O post de hoje é sobre Petrópolis RJ, uma bela cidade que respira ares do Brasil Império. Trouxe alguns passeios que fiz em junho de 2019. Espero que alguns dos pontos que visitei sirva para lhe ajudar com o seu roteiro pela cidade. Bora conferir?

Já estava pensando em ir a Petrópolis há algum tempo, e a vontade cresceu ainda mais depois que minha irmã foi para lá e pude ver as belas fotos. Planejei um feriado aqui em Campo Grande, como de praxe, para que eu pudesse encontrar um preço bom no aéreo até o Rio. Se você mora aqui em Campo Grande, ou ainda que seja de outro Estado, é sempre bom ficar de olho nos feriados regionais, já que podemos encontrar bons preços de passagens, diferente de quando o feriado é nacional, porque o preço fica nas alturas.

O feriado escolhido foi de 13 junho, que aqui em CG é dia de Santo Antônio (padroeiro da capital), que caiu numa quinta-feira. Sempre fico de olho nos feriados do ano inteiro praticamente, inclusive do próximo ano. Daí só ficar monitorando preços rsrs.

Passagens compradas, o plano começou. A intenção foi de ficar 3 noites e 4 dias, contando com ida e volta, em Petrópolis.
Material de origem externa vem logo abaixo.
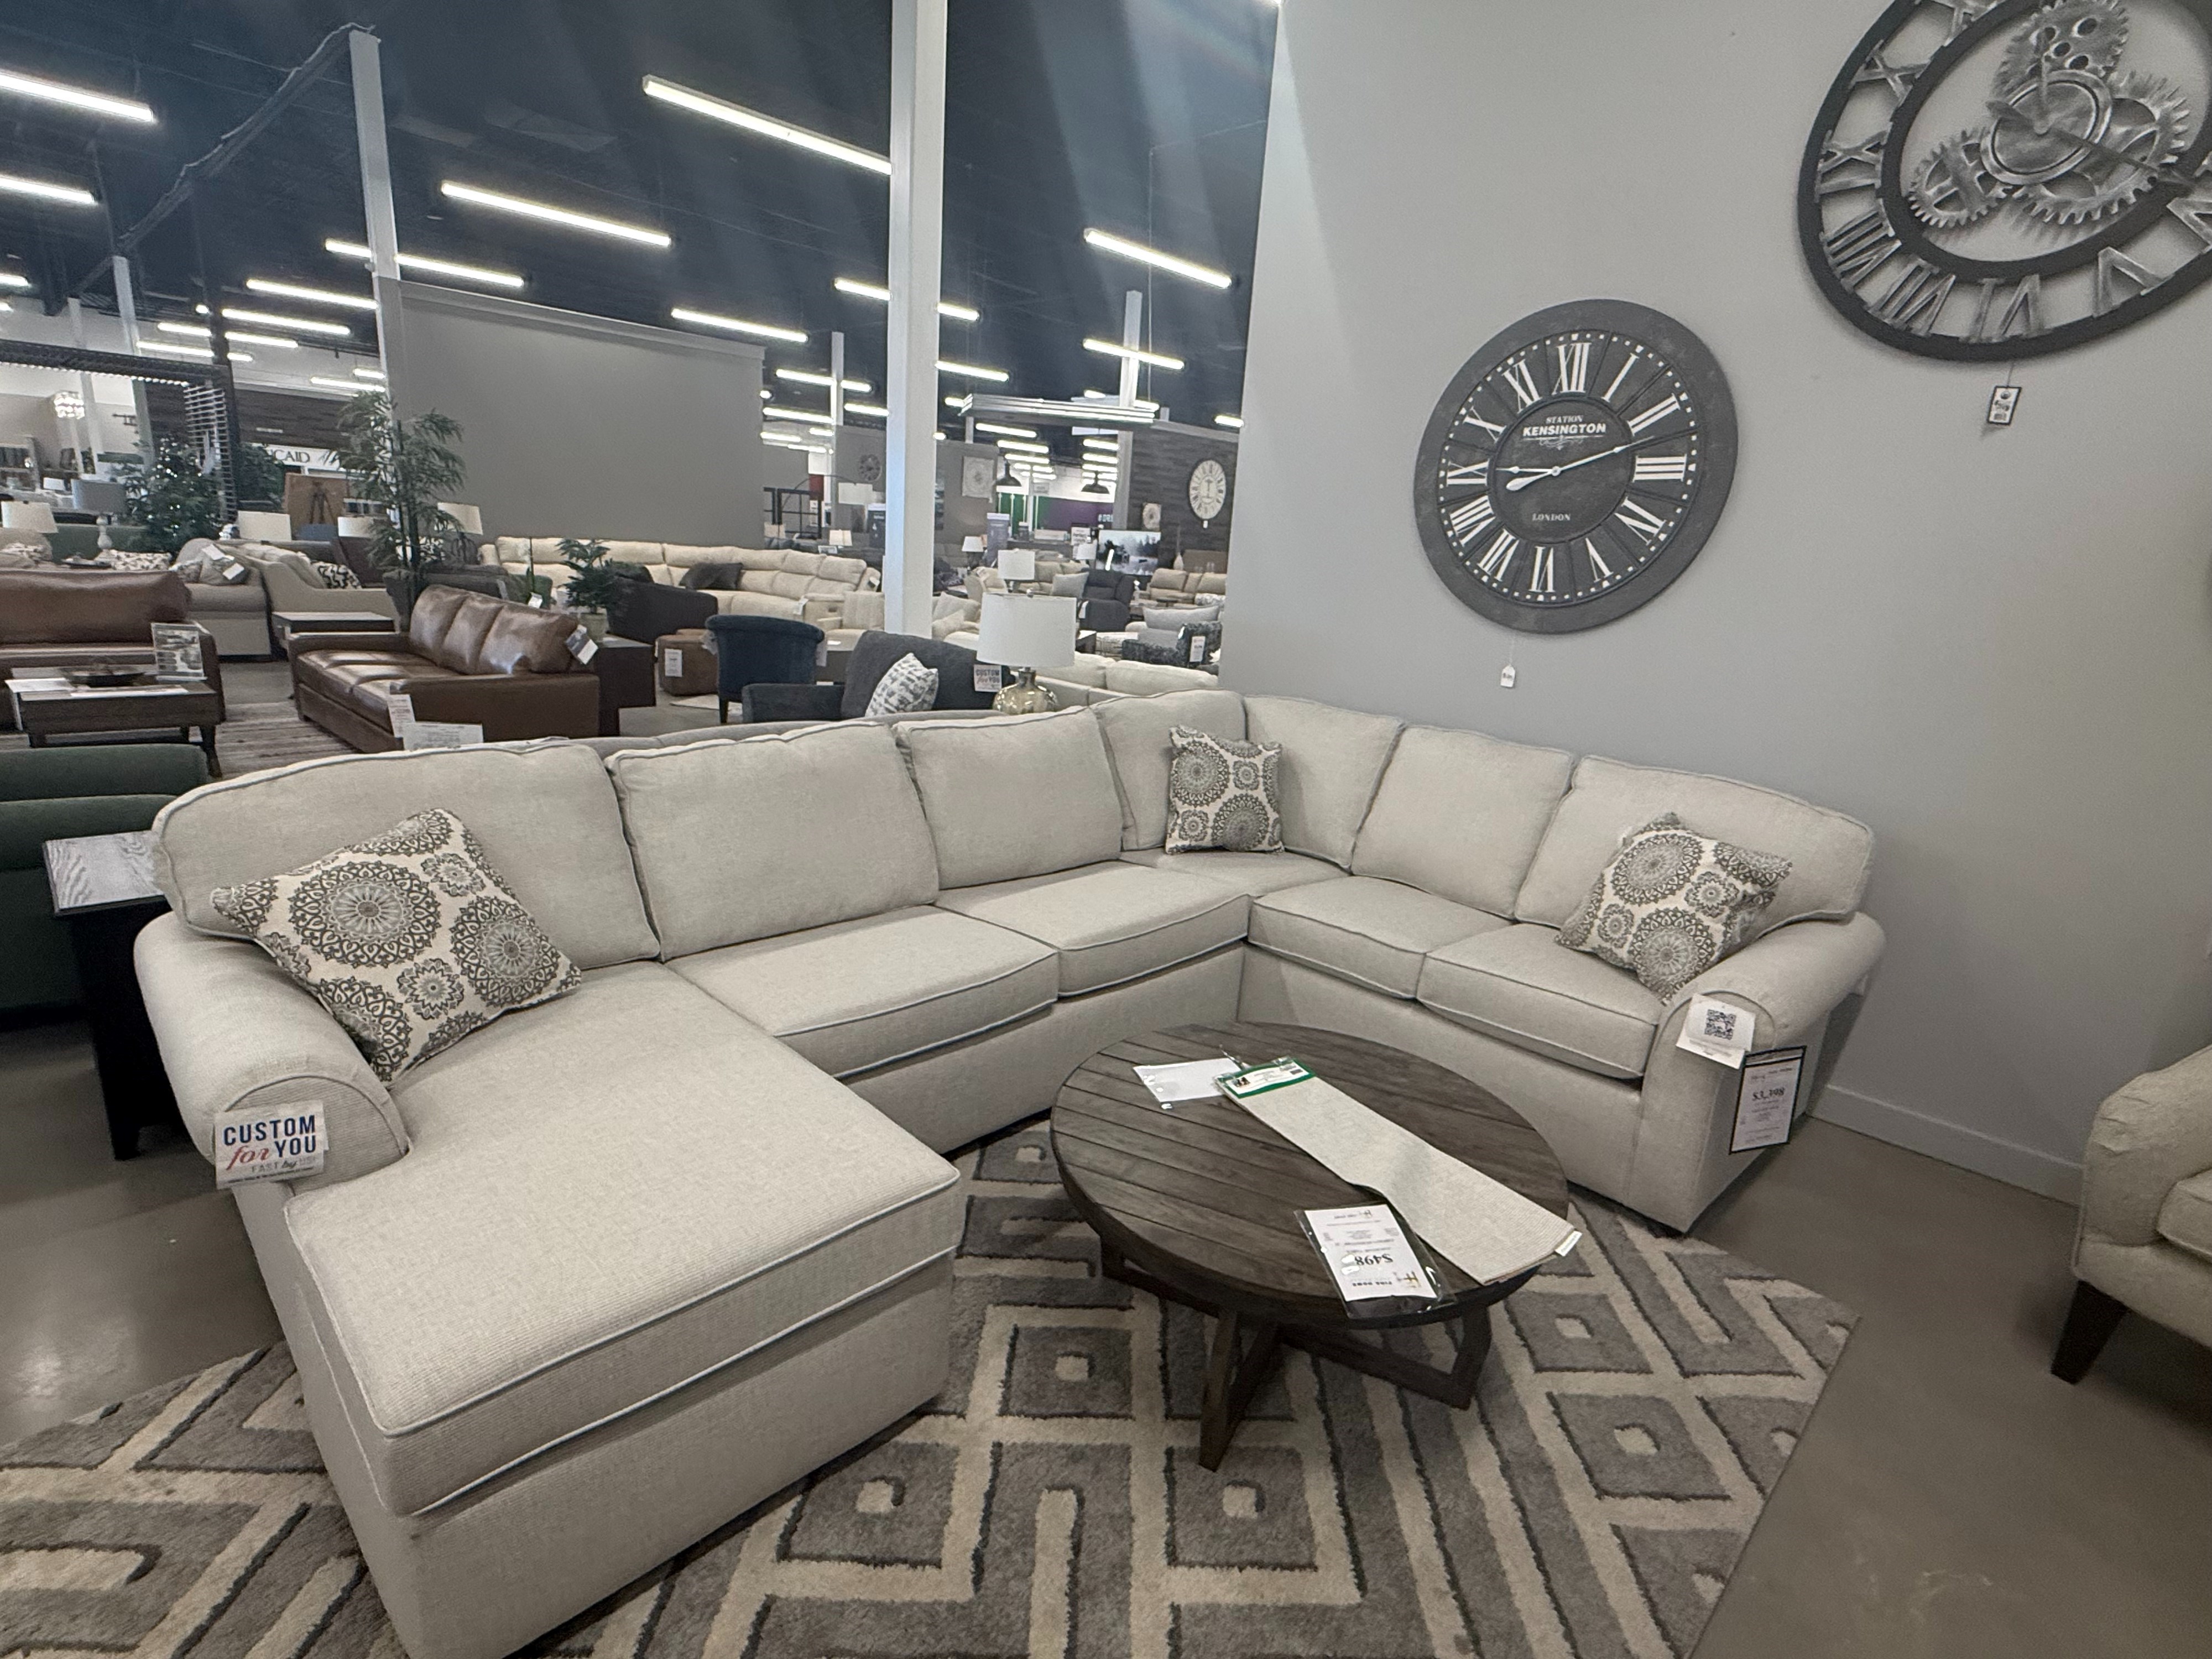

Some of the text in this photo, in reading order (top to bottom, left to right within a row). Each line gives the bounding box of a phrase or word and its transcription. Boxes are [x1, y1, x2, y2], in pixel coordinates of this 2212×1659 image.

[1552, 341, 1592, 396] XII
[1501, 358, 1543, 414] XI
[1463, 405, 1507, 443] X
[1522, 422, 1606, 437] KENSINGTON
[1546, 415, 1584, 424] STATION
[1626, 393, 1681, 437] II
[270, 448, 310, 463] CAID
[1632, 453, 1688, 483] III
[1531, 513, 1571, 521] LONDON
[223, 1115, 315, 1146] CUSTOM
[226, 1145, 270, 1171] for
[274, 1135, 316, 1158] YOU
[1354, 1253, 1394, 1266] $498
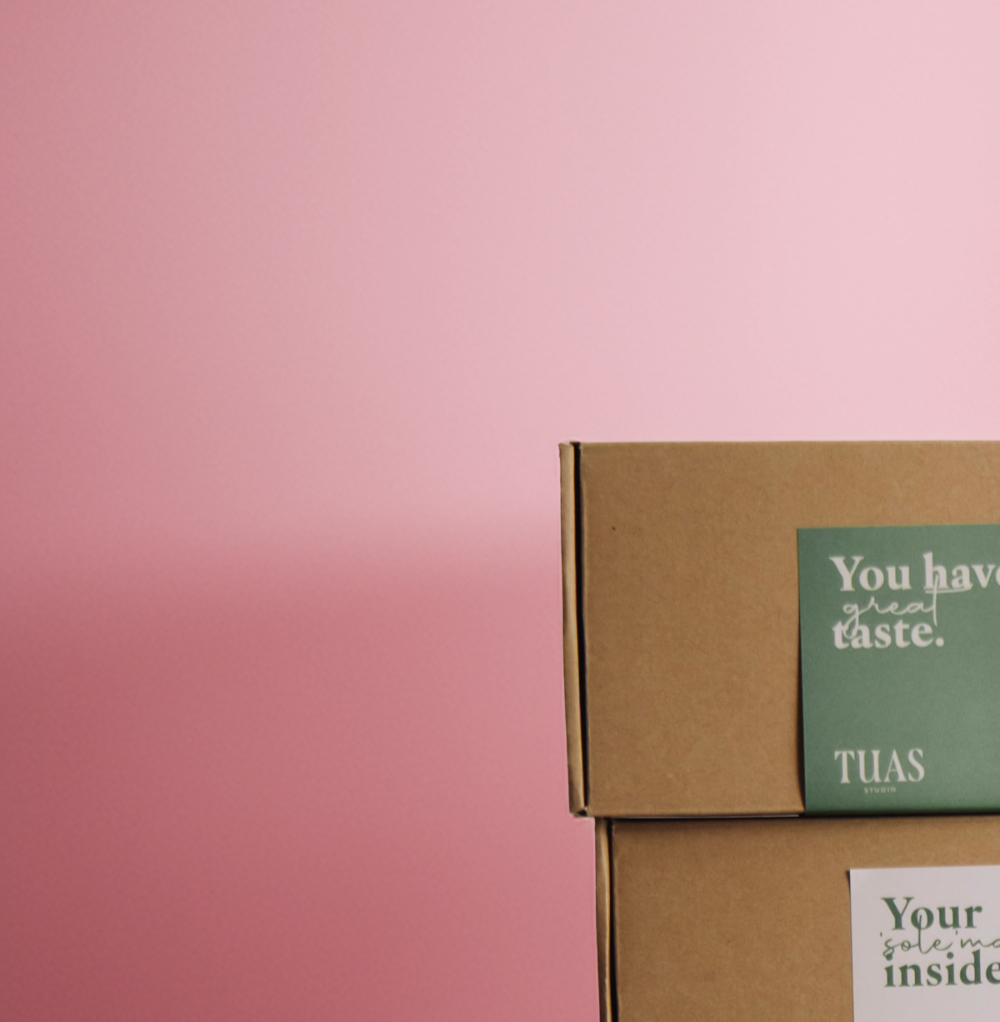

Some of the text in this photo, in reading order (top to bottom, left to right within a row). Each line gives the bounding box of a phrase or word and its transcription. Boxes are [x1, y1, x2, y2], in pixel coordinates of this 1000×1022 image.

[829, 555, 912, 591] You
[842, 575, 973, 639] great
[832, 619, 944, 649] taste.
[834, 748, 925, 784] TUAS
[880, 896, 983, 931] Your
Petrópolis é uma cidade que fica a 70 km do Rio de Janeiro, na região metropolitana, e é conhecida como Cidade Imperial. Segundo alguns dados do IBGE, sua população no ano de 2018 era de 305.687 habitantes segundo a estimativa do IBGE (Wikipedia).

Quando pensava em Petrópolis, não imaginava que tivesse cerca de 300 mil habitantes. Foi um detalhe que não observei, pois achei que seria uma cidade bem pequena, com uns 50 a 100 mil. Só tive essa surpresa depois do trânsito que enfrentei por lá, e das curvas que nunca acabavam pelos bairros. Fui pesquisar e tomei um susto.

Se você tem pouco tempo por lá, e está saindo do Rio de Janeiro, recomendo que alugue um carro, pois terá autonomia para rodar para onde quiser e na hora que quiser. Fiz a locação pela Hertz, saindo do Santos Dumont. Foi bem tranquilo.

Pé na estrada sentido à região serrana, e depois de mais ou menos 1 hora cheguei. Um detalhe importante é alugar uma hospedagem que tenha estacionamento, porque se tiver de carro vai sofrer pra caramba com o parquímetro de lá (Digipare).

Escolhi o hostel Vin Imperial, alugado no Booking. Estava com um ótimo preço, localização e as acomodações pareciam boas. A cama não era tão confortável, mas o ponto positivo desse lugar certamente é a localização e o café da manhã que é bem farto, digno de um bom hotel.

Como não me atentei para a possibilidade de haver cobrança de parquímetro em Petrópolis, acabei saindo no prejuízo com isso, pois o hostel em que eu fiquei não tinha estacionamento, e pelo fato de ser uma cidade colonial, pensei que seria pequena e nem teria esse tipo de desserviço. Chegando por lá, logo recebi uma notificação ao deixar o carro na frente do hostel. Há amarelinhos por todos os cantos da cidade. Trocando uma ideia com a guria do hostel , ela me disse até que isso era um espanta-turista, pois ao invés do poder público incentivar, ou oferecer algum benefício para o turista, isso acaba até espantando. Então, uma dica preciosa: se for de carro, procure algo que tenha estacionamento. Lembro-me de que gastei muito dinheiro com o parquímetro, e pior que tinha mais 3 dias pela frente, e a cobrança começa bem cedo e ia até 23h ou meia-noite (já explico o porquê, tava rolando a Bauernfest)… foi um pesadelo para o orçamento.

Enfim, desagrados à parte, comecei a fazer os passeios “turistão”, para os principais pontos da cidade. Queria realmente conhecer a cidade imperial e me sentir naquela época em que a família real desfilava por ali, cheia de firula.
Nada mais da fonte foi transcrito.